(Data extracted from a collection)
= Beginning of Section =
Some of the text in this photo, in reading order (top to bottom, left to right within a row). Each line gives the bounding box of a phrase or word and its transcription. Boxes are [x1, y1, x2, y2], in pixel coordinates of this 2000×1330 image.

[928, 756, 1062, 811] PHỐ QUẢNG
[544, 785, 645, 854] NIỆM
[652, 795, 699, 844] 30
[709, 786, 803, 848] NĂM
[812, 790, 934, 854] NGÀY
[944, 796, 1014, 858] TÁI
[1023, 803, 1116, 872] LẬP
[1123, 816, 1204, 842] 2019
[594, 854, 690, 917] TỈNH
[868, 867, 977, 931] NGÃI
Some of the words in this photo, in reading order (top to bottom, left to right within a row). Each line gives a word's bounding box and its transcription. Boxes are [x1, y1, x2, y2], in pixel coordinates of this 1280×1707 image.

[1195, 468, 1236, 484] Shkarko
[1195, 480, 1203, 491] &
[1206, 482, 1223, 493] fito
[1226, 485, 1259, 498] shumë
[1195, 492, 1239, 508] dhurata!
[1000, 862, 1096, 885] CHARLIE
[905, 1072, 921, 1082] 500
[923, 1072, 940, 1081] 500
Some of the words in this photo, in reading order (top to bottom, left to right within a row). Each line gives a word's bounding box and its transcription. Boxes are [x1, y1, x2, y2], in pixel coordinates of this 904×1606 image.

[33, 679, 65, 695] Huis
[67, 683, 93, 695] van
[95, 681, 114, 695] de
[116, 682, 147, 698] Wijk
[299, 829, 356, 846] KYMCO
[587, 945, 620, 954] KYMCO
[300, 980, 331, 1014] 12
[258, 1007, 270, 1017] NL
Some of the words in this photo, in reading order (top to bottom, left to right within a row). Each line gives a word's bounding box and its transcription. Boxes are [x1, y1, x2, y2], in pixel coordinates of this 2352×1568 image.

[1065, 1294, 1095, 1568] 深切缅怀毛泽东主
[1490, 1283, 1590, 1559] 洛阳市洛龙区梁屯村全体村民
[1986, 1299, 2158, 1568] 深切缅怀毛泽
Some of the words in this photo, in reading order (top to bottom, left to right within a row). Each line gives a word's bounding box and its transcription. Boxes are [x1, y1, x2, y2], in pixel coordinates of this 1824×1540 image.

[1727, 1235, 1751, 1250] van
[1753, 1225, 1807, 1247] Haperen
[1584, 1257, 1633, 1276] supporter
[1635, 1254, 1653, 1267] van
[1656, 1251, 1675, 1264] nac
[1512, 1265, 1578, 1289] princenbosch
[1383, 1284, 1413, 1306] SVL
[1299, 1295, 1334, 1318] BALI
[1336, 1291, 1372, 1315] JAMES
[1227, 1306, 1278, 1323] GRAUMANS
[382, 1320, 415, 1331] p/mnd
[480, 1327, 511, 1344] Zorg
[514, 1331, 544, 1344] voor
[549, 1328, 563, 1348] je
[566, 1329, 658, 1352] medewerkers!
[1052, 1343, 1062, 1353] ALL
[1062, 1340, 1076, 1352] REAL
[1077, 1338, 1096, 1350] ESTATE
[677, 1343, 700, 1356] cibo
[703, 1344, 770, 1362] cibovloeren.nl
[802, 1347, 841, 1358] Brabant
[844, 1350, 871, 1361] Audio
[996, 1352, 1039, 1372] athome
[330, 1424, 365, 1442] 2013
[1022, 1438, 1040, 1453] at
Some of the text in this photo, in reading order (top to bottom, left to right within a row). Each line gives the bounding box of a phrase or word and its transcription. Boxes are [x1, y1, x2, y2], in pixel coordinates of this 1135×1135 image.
= End of Section =
WHAT THE EXERCISE ASKS -
Repeat all the entries word for word.

SOLUTION -
Some of the text in this photo, in reading order (top to bottom, left to right within a row). Each line gives the bounding box of a phrase or word and its transcription. Boxes are [x1, y1, x2, y2], in pixel coordinates of this 2000×1330 image.

[928, 756, 1062, 811] PHỐ QUẢNG
[544, 785, 645, 854] NIỆM
[652, 795, 699, 844] 30
[709, 786, 803, 848] NĂM
[812, 790, 934, 854] NGÀY
[944, 796, 1014, 858] TÁI
[1023, 803, 1116, 872] LẬP
[1123, 816, 1204, 842] 2019
[594, 854, 690, 917] TỈNH
[868, 867, 977, 931] NGÃI
Some of the words in this photo, in reading order (top to bottom, left to right within a row). Each line gives a word's bounding box and its transcription. Boxes are [x1, y1, x2, y2], in pixel coordinates of this 1280×1707 image.

[1195, 468, 1236, 484] Shkarko
[1195, 480, 1203, 491] &
[1206, 482, 1223, 493] fito
[1226, 485, 1259, 498] shumë
[1195, 492, 1239, 508] dhurata!
[1000, 862, 1096, 885] CHARLIE
[905, 1072, 921, 1082] 500
[923, 1072, 940, 1081] 500
Some of the words in this photo, in reading order (top to bottom, left to right within a row). Each line gives a word's bounding box and its transcription. Boxes are [x1, y1, x2, y2], in pixel coordinates of this 904×1606 image.

[33, 679, 65, 695] Huis
[67, 683, 93, 695] van
[95, 681, 114, 695] de
[116, 682, 147, 698] Wijk
[299, 829, 356, 846] KYMCO
[587, 945, 620, 954] KYMCO
[300, 980, 331, 1014] 12
[258, 1007, 270, 1017] NL
Some of the words in this photo, in reading order (top to bottom, left to right within a row). Each line gives a word's bounding box and its transcription. Boxes are [x1, y1, x2, y2], in pixel coordinates of this 2352×1568 image.

[1065, 1294, 1095, 1568] 深切缅怀毛泽东主
[1490, 1283, 1590, 1559] 洛阳市洛龙区梁屯村全体村民
[1986, 1299, 2158, 1568] 深切缅怀毛泽
Some of the words in this photo, in reading order (top to bottom, left to right within a row). Each line gives a word's bounding box and its transcription. Boxes are [x1, y1, x2, y2], in pixel coordinates of this 1824×1540 image.

[1727, 1235, 1751, 1250] van
[1753, 1225, 1807, 1247] Haperen
[1584, 1257, 1633, 1276] supporter
[1635, 1254, 1653, 1267] van
[1656, 1251, 1675, 1264] nac
[1512, 1265, 1578, 1289] princenbosch
[1383, 1284, 1413, 1306] SVL
[1299, 1295, 1334, 1318] BALI
[1336, 1291, 1372, 1315] JAMES
[1227, 1306, 1278, 1323] GRAUMANS
[382, 1320, 415, 1331] p/mnd
[480, 1327, 511, 1344] Zorg
[514, 1331, 544, 1344] voor
[549, 1328, 563, 1348] je
[566, 1329, 658, 1352] medewerkers!
[1052, 1343, 1062, 1353] ALL
[1062, 1340, 1076, 1352] REAL
[1077, 1338, 1096, 1350] ESTATE
[677, 1343, 700, 1356] cibo
[703, 1344, 770, 1362] cibovloeren.nl
[802, 1347, 841, 1358] Brabant
[844, 1350, 871, 1361] Audio
[996, 1352, 1039, 1372] athome
[330, 1424, 365, 1442] 2013
[1022, 1438, 1040, 1453] at
Some of the text in this photo, in reading order (top to bottom, left to right within a row). Each line gives the bounding box of a phrase or word and its transcription. Boxes are [x1, y1, x2, y2], in pixel coordinates of this 1135×1135 image.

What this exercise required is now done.